Mild cognitive impairment (MCI) is regarded as the prodromal stage of dementia disorders, such as Alzheimer's disease (AD).
Objective: To compare the neuropsychological profiles of MCI subjects with normal concentrations of total tau (T-τ) and Aβ42 in CSF (MCI-norm) to MCI subjects with deviating concentrations of the biomarkers (MCI-dev). MCI-norm (N = 73) and MCI-dev (N = 73) subjects were compared to normal controls (N = 50) on tests of speed/attention, memory, visuospatial function, language and executive function.
Results: MCI-norm performed overall better than MCI-dev, specifically on tests of speed and attention and episodic memory. When MCI-dev subjects were subclassified into those with only high T-tau (MCI-tau), only low Aβ42 (MCI-Aβ) and both high T-tau and low Aβ42 (MCI-tauAβ), MCI-tauAβ tended to perform slightly worse. MCI-tau and MCI-Aβ performed quite similarly.

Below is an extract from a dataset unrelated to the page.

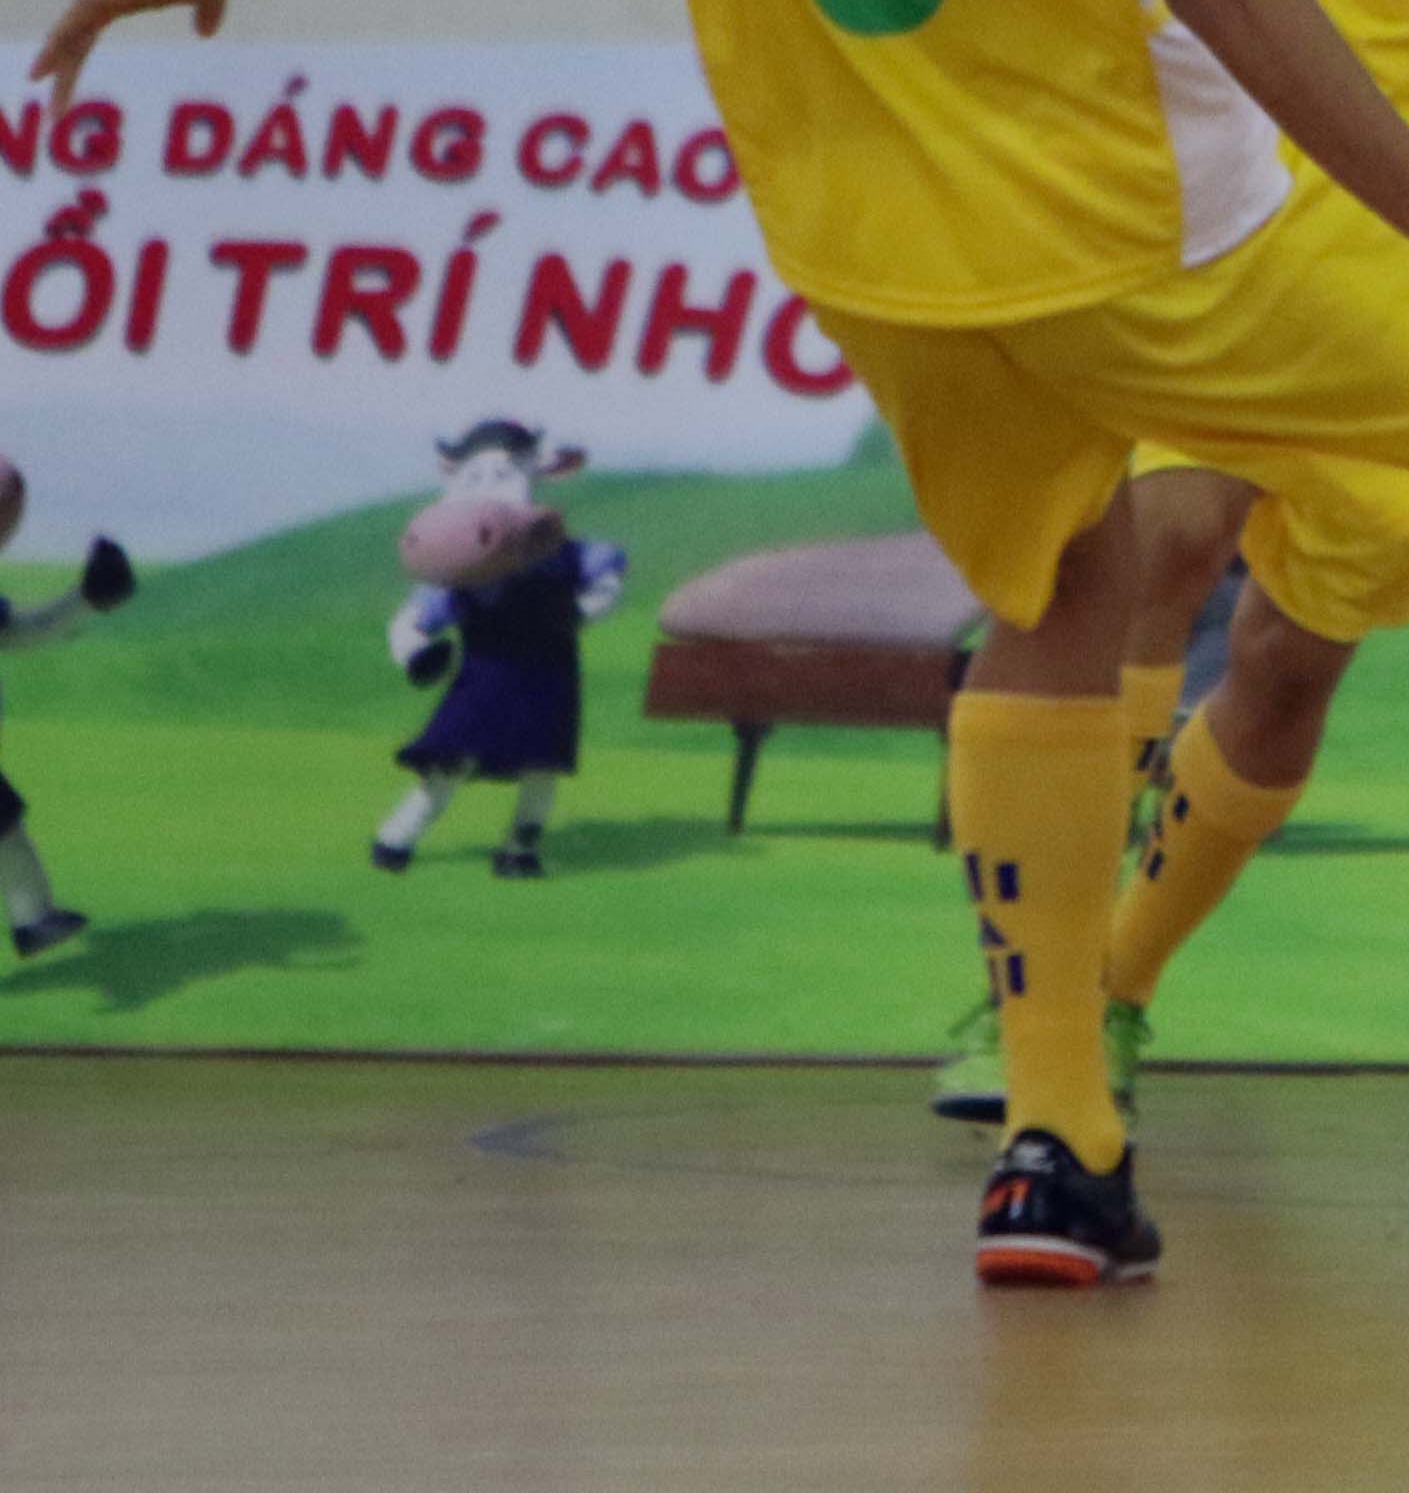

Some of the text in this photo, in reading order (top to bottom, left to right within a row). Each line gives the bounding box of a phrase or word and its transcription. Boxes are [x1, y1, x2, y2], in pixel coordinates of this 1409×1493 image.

Conclusions: Considering the neuropsychological differences, many MCI-norm probably had more benign forms of MCI, or early non-AD forms of neurodegenerative disorders. Although most MCI-dev performed clearly worse than MCI-norm on the neuropsychological battery, some did not show any deficits when compared to age norms. A combination of CSF analyses and neuropsychology could be a step toward a more exact diagnosis of MCI as prodromal AD. (JINS, 2008, 14, 582–590.)